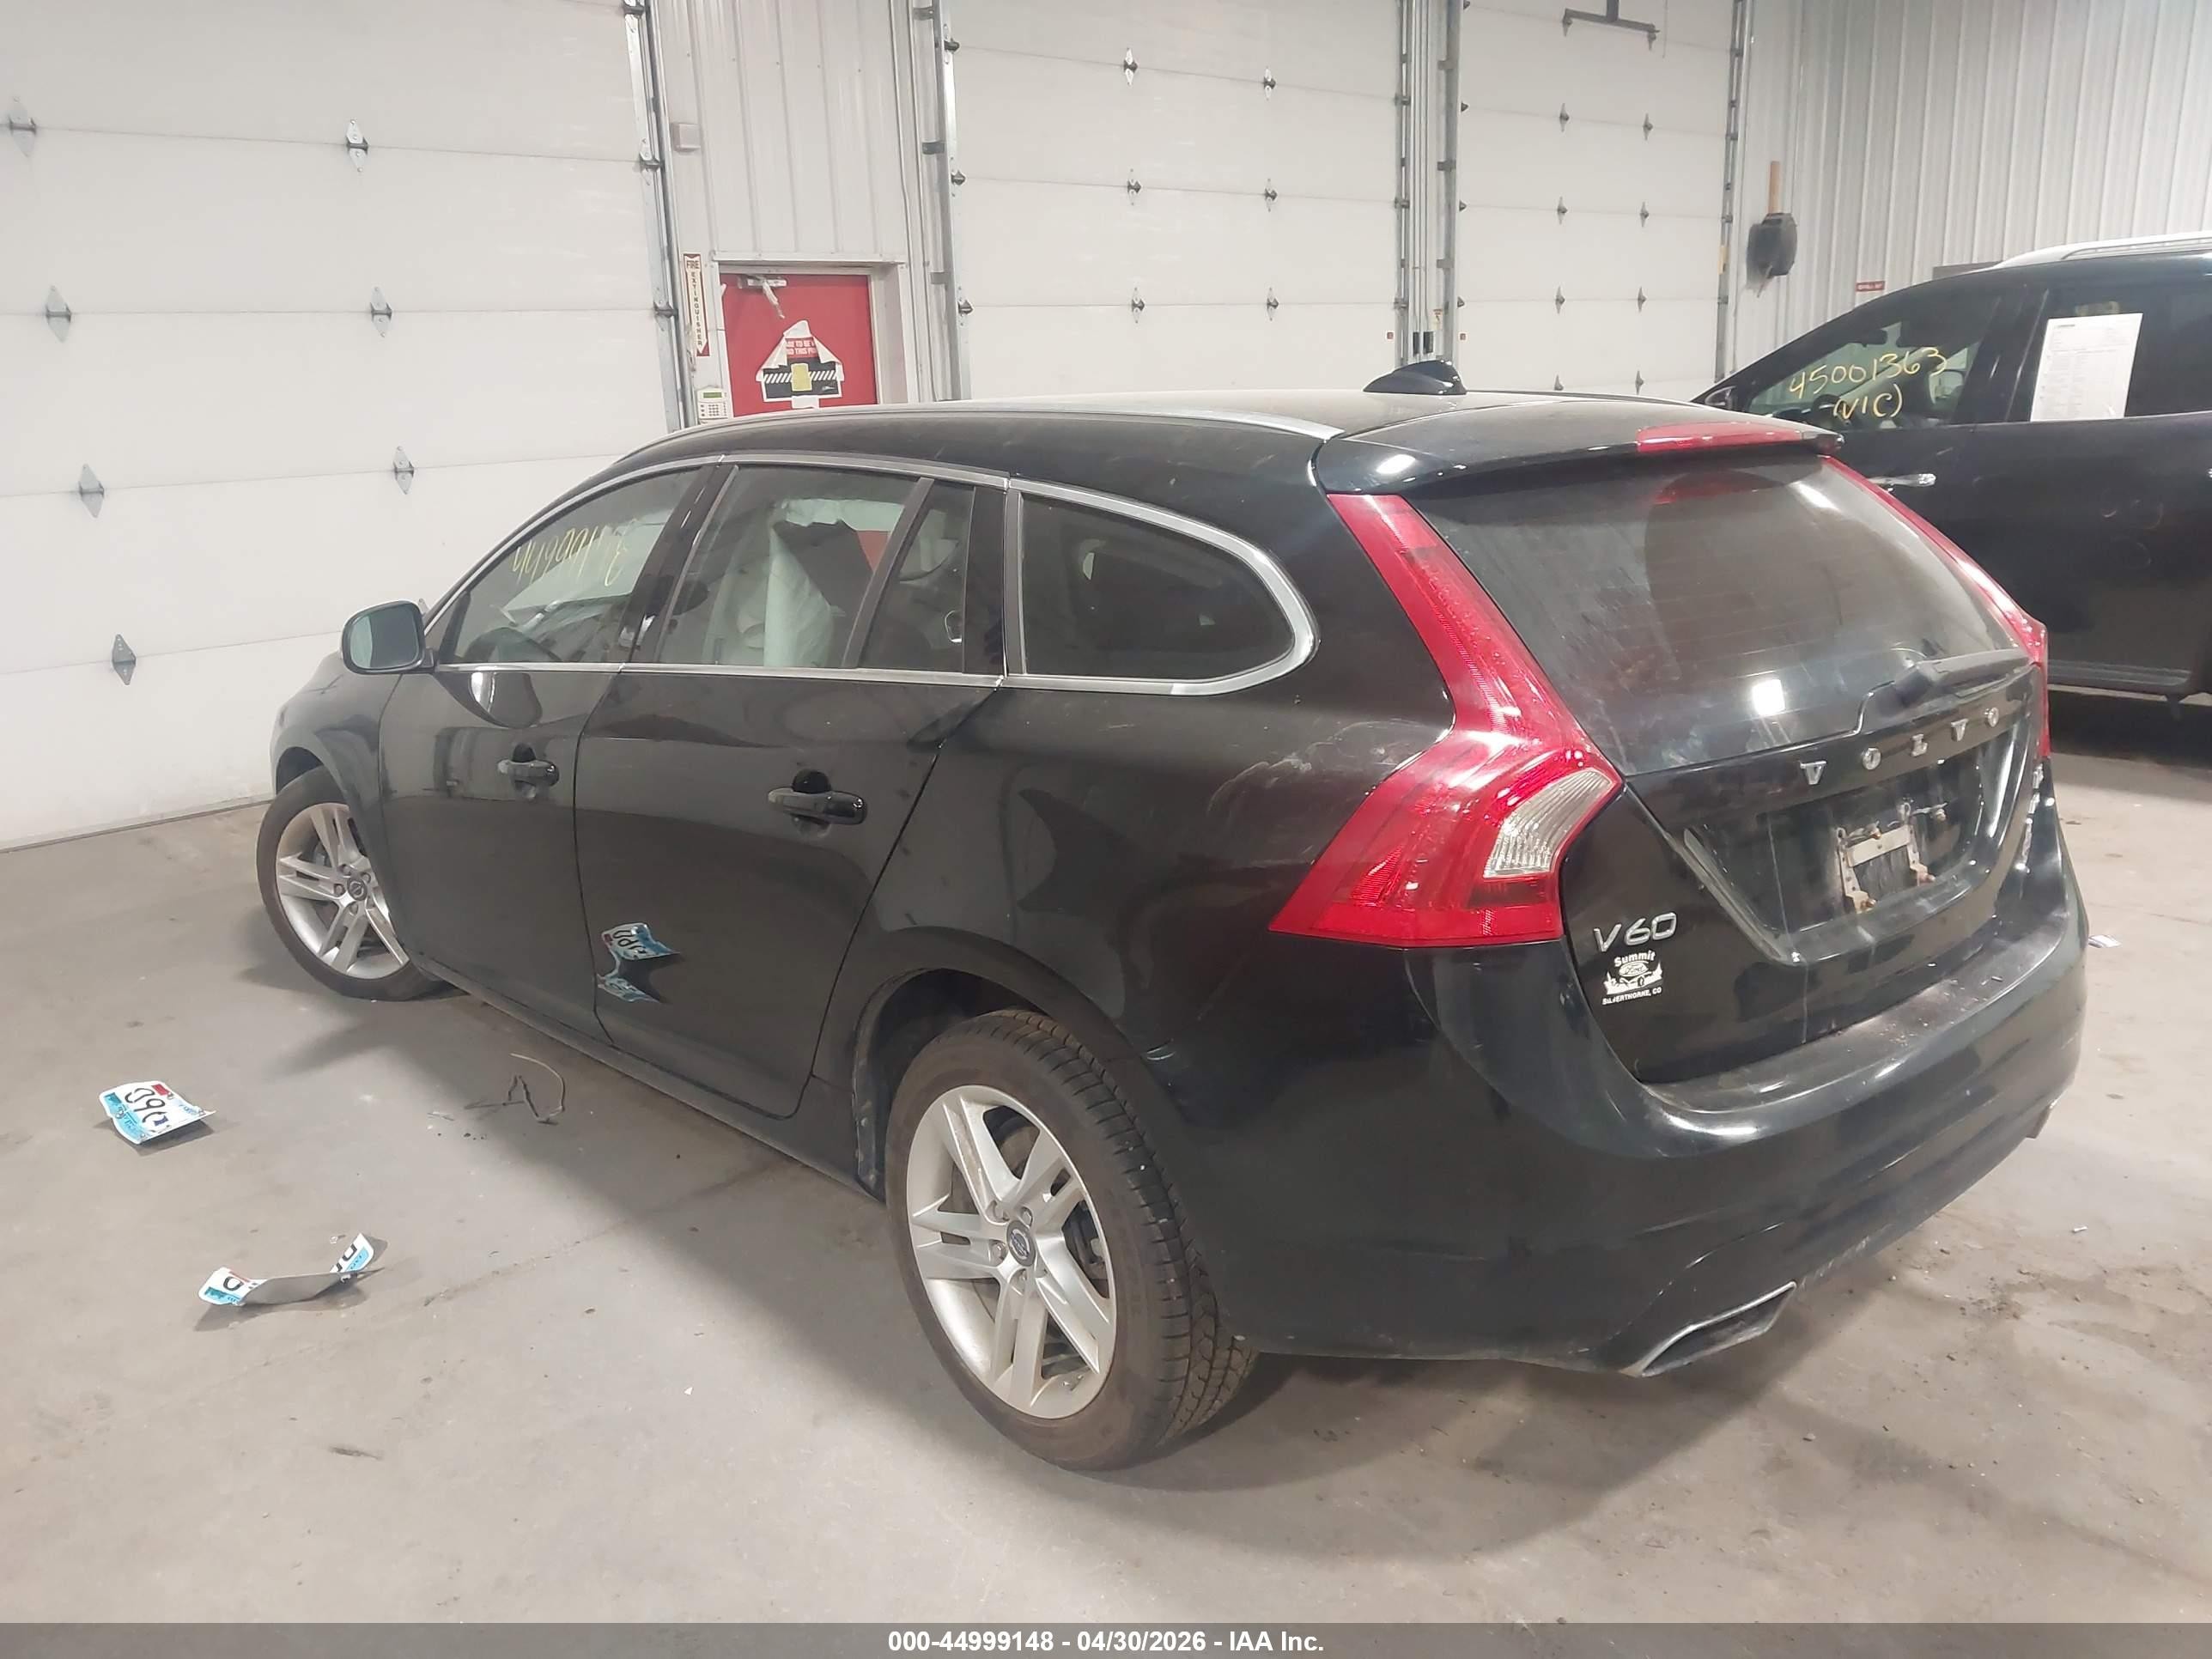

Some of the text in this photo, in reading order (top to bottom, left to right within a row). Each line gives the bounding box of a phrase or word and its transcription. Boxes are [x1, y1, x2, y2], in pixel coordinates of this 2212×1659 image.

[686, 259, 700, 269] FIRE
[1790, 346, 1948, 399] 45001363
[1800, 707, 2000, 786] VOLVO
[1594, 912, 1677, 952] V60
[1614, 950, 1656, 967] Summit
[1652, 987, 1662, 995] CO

- What the exercise asks
A faithful, word-for-word copy of the data is needed; the pictures should not appear in it.

- Your response
Some of the text in this photo, in reading order (top to bottom, left to right within a row). Each line gives the bounding box of a phrase or word and its transcription. Boxes are [x1, y1, x2, y2], in pixel coordinates of this 2212×1659 image.

[686, 259, 700, 269] FIRE
[1790, 346, 1948, 399] 45001363
[1800, 707, 2000, 786] VOLVO
[1594, 912, 1677, 952] V60
[1614, 950, 1656, 967] Summit
[1652, 987, 1662, 995] CO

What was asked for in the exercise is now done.